With some raw processors that use DCRaw under the hood you can save the instruction set as a sidecar file or as an internal part of the raw image file, but you can't save the changes to the actual raw sensor output data in the file. The instructions would probably only be readable by the same application that created them, though. You can export what you see on your screen after doing the adjustments as a TIFF or in another raster image format, but you'll have the black point, white point and color multipliers more or less "baked in."
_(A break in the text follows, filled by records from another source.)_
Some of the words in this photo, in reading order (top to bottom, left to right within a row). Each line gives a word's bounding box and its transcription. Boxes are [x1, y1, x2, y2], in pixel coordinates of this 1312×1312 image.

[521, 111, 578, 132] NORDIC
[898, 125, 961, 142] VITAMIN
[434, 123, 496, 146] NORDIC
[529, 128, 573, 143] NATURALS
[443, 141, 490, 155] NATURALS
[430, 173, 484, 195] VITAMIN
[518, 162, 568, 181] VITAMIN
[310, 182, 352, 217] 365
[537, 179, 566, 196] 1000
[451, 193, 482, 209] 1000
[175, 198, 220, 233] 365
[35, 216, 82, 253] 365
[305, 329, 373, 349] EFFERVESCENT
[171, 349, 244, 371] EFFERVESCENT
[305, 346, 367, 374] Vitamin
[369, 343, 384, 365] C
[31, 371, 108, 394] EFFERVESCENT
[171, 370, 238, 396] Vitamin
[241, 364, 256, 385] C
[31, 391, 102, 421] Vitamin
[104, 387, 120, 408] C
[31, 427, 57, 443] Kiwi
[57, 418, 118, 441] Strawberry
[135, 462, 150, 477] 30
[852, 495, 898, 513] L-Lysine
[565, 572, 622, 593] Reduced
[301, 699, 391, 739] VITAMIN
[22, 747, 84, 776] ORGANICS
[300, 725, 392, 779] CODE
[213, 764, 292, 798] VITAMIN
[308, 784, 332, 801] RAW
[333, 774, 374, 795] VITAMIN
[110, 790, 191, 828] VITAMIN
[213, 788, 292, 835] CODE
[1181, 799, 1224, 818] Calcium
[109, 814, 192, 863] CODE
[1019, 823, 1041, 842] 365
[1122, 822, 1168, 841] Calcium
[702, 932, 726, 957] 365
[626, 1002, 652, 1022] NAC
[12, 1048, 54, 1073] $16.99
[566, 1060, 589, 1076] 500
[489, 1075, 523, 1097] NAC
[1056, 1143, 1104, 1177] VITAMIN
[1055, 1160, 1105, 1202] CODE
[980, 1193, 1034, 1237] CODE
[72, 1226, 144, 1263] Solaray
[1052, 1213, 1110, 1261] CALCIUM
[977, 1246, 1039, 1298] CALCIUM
Even though the displayed and exported image is monochrome, the relative tonal values between pixels (in the image) that correspond to sensels/photo sites/pixel wells (on the sensor) filtered by red', green', and blue' filters¹, respectively, will be affected by the color temperature, white balance, and color filters that are applied to the raw luminance values.

¹ We call them red', green', and blue' filters, but they're actually not the same colors as the Red, Green, and Blue primary colors we use in RGB devices. The red' filters in most Bayer masks is centered somewhere around 590-600nm that is more of a yellow-orange color than "Red" at 640nm. Likewise, the green' and blue' filters are slightly different than their RGB counterparts. Blue' filters are a bit closer to violet than RGB "Blue" and green' filters are a little closer to yellow than RGB "Green" is.

For more about DCRaw, which runs on a Linux platform, please see the explanation and FAQs here.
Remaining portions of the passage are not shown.